▸ Source data:
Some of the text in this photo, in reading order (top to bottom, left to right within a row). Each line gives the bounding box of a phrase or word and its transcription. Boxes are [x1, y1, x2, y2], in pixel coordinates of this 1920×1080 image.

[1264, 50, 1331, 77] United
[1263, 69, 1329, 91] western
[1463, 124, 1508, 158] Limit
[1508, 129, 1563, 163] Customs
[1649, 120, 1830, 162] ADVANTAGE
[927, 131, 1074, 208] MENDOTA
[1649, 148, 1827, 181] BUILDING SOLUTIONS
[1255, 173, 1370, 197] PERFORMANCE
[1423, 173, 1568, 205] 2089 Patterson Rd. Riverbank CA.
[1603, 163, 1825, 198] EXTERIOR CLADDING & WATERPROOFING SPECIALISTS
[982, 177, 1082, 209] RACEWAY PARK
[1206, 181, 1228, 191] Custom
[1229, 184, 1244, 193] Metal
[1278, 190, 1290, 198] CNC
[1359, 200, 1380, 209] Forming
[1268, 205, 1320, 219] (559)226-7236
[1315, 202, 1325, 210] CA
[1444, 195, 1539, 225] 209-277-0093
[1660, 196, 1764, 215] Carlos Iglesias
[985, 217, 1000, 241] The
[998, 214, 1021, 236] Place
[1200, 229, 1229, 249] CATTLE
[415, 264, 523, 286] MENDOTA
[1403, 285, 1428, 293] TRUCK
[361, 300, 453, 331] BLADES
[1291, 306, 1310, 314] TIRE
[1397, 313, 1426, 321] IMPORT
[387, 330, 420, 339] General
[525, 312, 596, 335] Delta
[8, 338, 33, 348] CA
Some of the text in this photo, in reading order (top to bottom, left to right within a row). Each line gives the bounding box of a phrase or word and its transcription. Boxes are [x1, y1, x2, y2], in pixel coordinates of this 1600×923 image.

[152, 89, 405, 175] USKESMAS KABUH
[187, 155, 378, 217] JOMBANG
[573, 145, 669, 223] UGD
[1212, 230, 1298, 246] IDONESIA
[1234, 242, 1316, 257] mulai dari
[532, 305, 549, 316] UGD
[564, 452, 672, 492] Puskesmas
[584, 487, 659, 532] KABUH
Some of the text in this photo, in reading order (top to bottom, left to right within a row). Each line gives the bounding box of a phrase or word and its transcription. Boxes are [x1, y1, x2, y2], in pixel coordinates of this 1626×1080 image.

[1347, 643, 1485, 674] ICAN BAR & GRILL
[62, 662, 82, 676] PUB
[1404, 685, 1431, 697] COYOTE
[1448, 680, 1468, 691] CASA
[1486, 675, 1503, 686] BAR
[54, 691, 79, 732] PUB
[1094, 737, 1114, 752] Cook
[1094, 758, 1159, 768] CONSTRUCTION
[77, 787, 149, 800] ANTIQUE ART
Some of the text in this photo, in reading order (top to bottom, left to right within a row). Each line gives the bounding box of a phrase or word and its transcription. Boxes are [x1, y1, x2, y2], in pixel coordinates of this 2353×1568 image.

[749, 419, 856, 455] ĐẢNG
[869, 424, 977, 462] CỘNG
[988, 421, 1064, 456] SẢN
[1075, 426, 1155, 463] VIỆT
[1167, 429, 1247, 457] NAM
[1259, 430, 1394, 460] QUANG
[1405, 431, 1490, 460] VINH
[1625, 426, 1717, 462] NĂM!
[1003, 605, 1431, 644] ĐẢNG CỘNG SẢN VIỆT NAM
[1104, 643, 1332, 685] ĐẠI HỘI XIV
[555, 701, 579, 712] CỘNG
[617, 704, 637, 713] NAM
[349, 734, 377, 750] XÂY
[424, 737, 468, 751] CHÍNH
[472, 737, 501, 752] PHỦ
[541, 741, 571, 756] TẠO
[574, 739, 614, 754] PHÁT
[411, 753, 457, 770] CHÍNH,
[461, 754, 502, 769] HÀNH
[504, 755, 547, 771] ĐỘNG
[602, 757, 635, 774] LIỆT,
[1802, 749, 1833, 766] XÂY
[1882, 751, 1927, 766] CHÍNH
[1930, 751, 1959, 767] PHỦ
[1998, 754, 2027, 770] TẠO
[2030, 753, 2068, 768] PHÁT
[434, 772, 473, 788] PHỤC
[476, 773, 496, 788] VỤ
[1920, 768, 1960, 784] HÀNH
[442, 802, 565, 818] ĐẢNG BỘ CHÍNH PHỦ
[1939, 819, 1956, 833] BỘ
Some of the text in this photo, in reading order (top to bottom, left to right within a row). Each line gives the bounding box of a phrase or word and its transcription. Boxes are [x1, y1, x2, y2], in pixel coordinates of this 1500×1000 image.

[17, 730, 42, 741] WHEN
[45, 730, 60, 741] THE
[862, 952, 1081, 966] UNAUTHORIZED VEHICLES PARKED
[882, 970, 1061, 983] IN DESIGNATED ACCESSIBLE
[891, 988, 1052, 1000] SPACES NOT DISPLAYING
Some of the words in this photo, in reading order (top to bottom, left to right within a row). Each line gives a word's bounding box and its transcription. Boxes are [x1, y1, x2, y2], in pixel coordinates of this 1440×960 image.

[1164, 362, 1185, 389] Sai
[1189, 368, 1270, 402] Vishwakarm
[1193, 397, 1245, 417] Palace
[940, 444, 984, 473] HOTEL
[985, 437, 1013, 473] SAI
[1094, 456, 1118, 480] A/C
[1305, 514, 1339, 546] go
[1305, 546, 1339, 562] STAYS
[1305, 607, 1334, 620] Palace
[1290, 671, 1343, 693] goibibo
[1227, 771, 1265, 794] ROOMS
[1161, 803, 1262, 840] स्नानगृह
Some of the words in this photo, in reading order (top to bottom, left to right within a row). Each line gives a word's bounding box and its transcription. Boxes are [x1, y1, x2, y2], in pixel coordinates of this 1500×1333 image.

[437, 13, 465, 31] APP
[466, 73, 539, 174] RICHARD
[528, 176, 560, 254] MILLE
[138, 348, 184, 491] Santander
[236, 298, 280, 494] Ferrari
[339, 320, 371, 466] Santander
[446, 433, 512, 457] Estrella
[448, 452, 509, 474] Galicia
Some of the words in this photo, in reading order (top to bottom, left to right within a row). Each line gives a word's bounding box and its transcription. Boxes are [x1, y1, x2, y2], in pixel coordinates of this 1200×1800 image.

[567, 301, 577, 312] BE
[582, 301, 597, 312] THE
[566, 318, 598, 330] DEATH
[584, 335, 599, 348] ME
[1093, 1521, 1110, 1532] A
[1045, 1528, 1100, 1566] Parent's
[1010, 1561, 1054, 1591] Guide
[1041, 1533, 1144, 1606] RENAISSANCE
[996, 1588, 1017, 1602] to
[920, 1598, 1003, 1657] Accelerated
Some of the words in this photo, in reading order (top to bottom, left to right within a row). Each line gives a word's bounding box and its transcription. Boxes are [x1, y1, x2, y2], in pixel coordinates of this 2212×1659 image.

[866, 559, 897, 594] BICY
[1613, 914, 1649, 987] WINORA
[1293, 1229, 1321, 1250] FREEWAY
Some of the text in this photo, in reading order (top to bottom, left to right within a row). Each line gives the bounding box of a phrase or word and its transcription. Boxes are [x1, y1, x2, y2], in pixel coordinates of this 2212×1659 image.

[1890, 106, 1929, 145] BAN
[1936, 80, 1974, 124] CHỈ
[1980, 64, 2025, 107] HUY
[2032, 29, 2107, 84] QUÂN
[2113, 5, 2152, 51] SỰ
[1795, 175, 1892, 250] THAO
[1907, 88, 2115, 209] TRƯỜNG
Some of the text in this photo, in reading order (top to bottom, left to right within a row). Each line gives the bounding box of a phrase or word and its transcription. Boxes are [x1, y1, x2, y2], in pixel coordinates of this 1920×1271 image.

▸ PROBLEM STATEMENT: All of the entries should be repeated word for word.

▸ WRITTEN ANSWER:
Some of the text in this photo, in reading order (top to bottom, left to right within a row). Each line gives the bounding box of a phrase or word and its transcription. Boxes are [x1, y1, x2, y2], in pixel coordinates of this 1920×1080 image.

[1264, 50, 1331, 77] United
[1263, 69, 1329, 91] western
[1463, 124, 1508, 158] Limit
[1508, 129, 1563, 163] Customs
[1649, 120, 1830, 162] ADVANTAGE
[927, 131, 1074, 208] MENDOTA
[1649, 148, 1827, 181] BUILDING SOLUTIONS
[1255, 173, 1370, 197] PERFORMANCE
[1423, 173, 1568, 205] 2089 Patterson Rd. Riverbank CA.
[1603, 163, 1825, 198] EXTERIOR CLADDING & WATERPROOFING SPECIALISTS
[982, 177, 1082, 209] RACEWAY PARK
[1206, 181, 1228, 191] Custom
[1229, 184, 1244, 193] Metal
[1278, 190, 1290, 198] CNC
[1359, 200, 1380, 209] Forming
[1268, 205, 1320, 219] (559)226-7236
[1315, 202, 1325, 210] CA
[1444, 195, 1539, 225] 209-277-0093
[1660, 196, 1764, 215] Carlos Iglesias
[985, 217, 1000, 241] The
[998, 214, 1021, 236] Place
[1200, 229, 1229, 249] CATTLE
[415, 264, 523, 286] MENDOTA
[1403, 285, 1428, 293] TRUCK
[361, 300, 453, 331] BLADES
[1291, 306, 1310, 314] TIRE
[1397, 313, 1426, 321] IMPORT
[387, 330, 420, 339] General
[525, 312, 596, 335] Delta
[8, 338, 33, 348] CA
Some of the text in this photo, in reading order (top to bottom, left to right within a row). Each line gives the bounding box of a phrase or word and its transcription. Boxes are [x1, y1, x2, y2], in pixel coordinates of this 1600×923 image.

[152, 89, 405, 175] USKESMAS KABUH
[187, 155, 378, 217] JOMBANG
[573, 145, 669, 223] UGD
[1212, 230, 1298, 246] IDONESIA
[1234, 242, 1316, 257] mulai dari
[532, 305, 549, 316] UGD
[564, 452, 672, 492] Puskesmas
[584, 487, 659, 532] KABUH
Some of the text in this photo, in reading order (top to bottom, left to right within a row). Each line gives the bounding box of a phrase or word and its transcription. Boxes are [x1, y1, x2, y2], in pixel coordinates of this 1626×1080 image.

[1347, 643, 1485, 674] ICAN BAR & GRILL
[62, 662, 82, 676] PUB
[1404, 685, 1431, 697] COYOTE
[1448, 680, 1468, 691] CASA
[1486, 675, 1503, 686] BAR
[54, 691, 79, 732] PUB
[1094, 737, 1114, 752] Cook
[1094, 758, 1159, 768] CONSTRUCTION
[77, 787, 149, 800] ANTIQUE ART
Some of the text in this photo, in reading order (top to bottom, left to right within a row). Each line gives the bounding box of a phrase or word and its transcription. Boxes are [x1, y1, x2, y2], in pixel coordinates of this 2353×1568 image.

[749, 419, 856, 455] ĐẢNG
[869, 424, 977, 462] CỘNG
[988, 421, 1064, 456] SẢN
[1075, 426, 1155, 463] VIỆT
[1167, 429, 1247, 457] NAM
[1259, 430, 1394, 460] QUANG
[1405, 431, 1490, 460] VINH
[1625, 426, 1717, 462] NĂM!
[1003, 605, 1431, 644] ĐẢNG CỘNG SẢN VIỆT NAM
[1104, 643, 1332, 685] ĐẠI HỘI XIV
[555, 701, 579, 712] CỘNG
[617, 704, 637, 713] NAM
[349, 734, 377, 750] XÂY
[424, 737, 468, 751] CHÍNH
[472, 737, 501, 752] PHỦ
[541, 741, 571, 756] TẠO
[574, 739, 614, 754] PHÁT
[411, 753, 457, 770] CHÍNH,
[461, 754, 502, 769] HÀNH
[504, 755, 547, 771] ĐỘNG
[602, 757, 635, 774] LIỆT,
[1802, 749, 1833, 766] XÂY
[1882, 751, 1927, 766] CHÍNH
[1930, 751, 1959, 767] PHỦ
[1998, 754, 2027, 770] TẠO
[2030, 753, 2068, 768] PHÁT
[434, 772, 473, 788] PHỤC
[476, 773, 496, 788] VỤ
[1920, 768, 1960, 784] HÀNH
[442, 802, 565, 818] ĐẢNG BỘ CHÍNH PHỦ
[1939, 819, 1956, 833] BỘ
Some of the text in this photo, in reading order (top to bottom, left to right within a row). Each line gives the bounding box of a phrase or word and its transcription. Boxes are [x1, y1, x2, y2], in pixel coordinates of this 1500×1000 image.

[17, 730, 42, 741] WHEN
[45, 730, 60, 741] THE
[862, 952, 1081, 966] UNAUTHORIZED VEHICLES PARKED
[882, 970, 1061, 983] IN DESIGNATED ACCESSIBLE
[891, 988, 1052, 1000] SPACES NOT DISPLAYING
Some of the words in this photo, in reading order (top to bottom, left to right within a row). Each line gives a word's bounding box and its transcription. Boxes are [x1, y1, x2, y2], in pixel coordinates of this 1440×960 image.

[1164, 362, 1185, 389] Sai
[1189, 368, 1270, 402] Vishwakarm
[1193, 397, 1245, 417] Palace
[940, 444, 984, 473] HOTEL
[985, 437, 1013, 473] SAI
[1094, 456, 1118, 480] A/C
[1305, 514, 1339, 546] go
[1305, 546, 1339, 562] STAYS
[1305, 607, 1334, 620] Palace
[1290, 671, 1343, 693] goibibo
[1227, 771, 1265, 794] ROOMS
[1161, 803, 1262, 840] स्नानगृह
Some of the words in this photo, in reading order (top to bottom, left to right within a row). Each line gives a word's bounding box and its transcription. Boxes are [x1, y1, x2, y2], in pixel coordinates of this 1500×1333 image.

[437, 13, 465, 31] APP
[466, 73, 539, 174] RICHARD
[528, 176, 560, 254] MILLE
[138, 348, 184, 491] Santander
[236, 298, 280, 494] Ferrari
[339, 320, 371, 466] Santander
[446, 433, 512, 457] Estrella
[448, 452, 509, 474] Galicia
Some of the words in this photo, in reading order (top to bottom, left to right within a row). Each line gives a word's bounding box and its transcription. Boxes are [x1, y1, x2, y2], in pixel coordinates of this 1200×1800 image.

[567, 301, 577, 312] BE
[582, 301, 597, 312] THE
[566, 318, 598, 330] DEATH
[584, 335, 599, 348] ME
[1093, 1521, 1110, 1532] A
[1045, 1528, 1100, 1566] Parent's
[1010, 1561, 1054, 1591] Guide
[1041, 1533, 1144, 1606] RENAISSANCE
[996, 1588, 1017, 1602] to
[920, 1598, 1003, 1657] Accelerated
Some of the words in this photo, in reading order (top to bottom, left to right within a row). Each line gives a word's bounding box and its transcription. Boxes are [x1, y1, x2, y2], in pixel coordinates of this 2212×1659 image.

[866, 559, 897, 594] BICY
[1613, 914, 1649, 987] WINORA
[1293, 1229, 1321, 1250] FREEWAY
Some of the text in this photo, in reading order (top to bottom, left to right within a row). Each line gives the bounding box of a phrase or word and its transcription. Boxes are [x1, y1, x2, y2], in pixel coordinates of this 2212×1659 image.

[1890, 106, 1929, 145] BAN
[1936, 80, 1974, 124] CHỈ
[1980, 64, 2025, 107] HUY
[2032, 29, 2107, 84] QUÂN
[2113, 5, 2152, 51] SỰ
[1795, 175, 1892, 250] THAO
[1907, 88, 2115, 209] TRƯỜNG
Some of the text in this photo, in reading order (top to bottom, left to right within a row). Each line gives the bounding box of a phrase or word and its transcription. Boxes are [x1, y1, x2, y2], in pixel coordinates of this 1920×1271 image.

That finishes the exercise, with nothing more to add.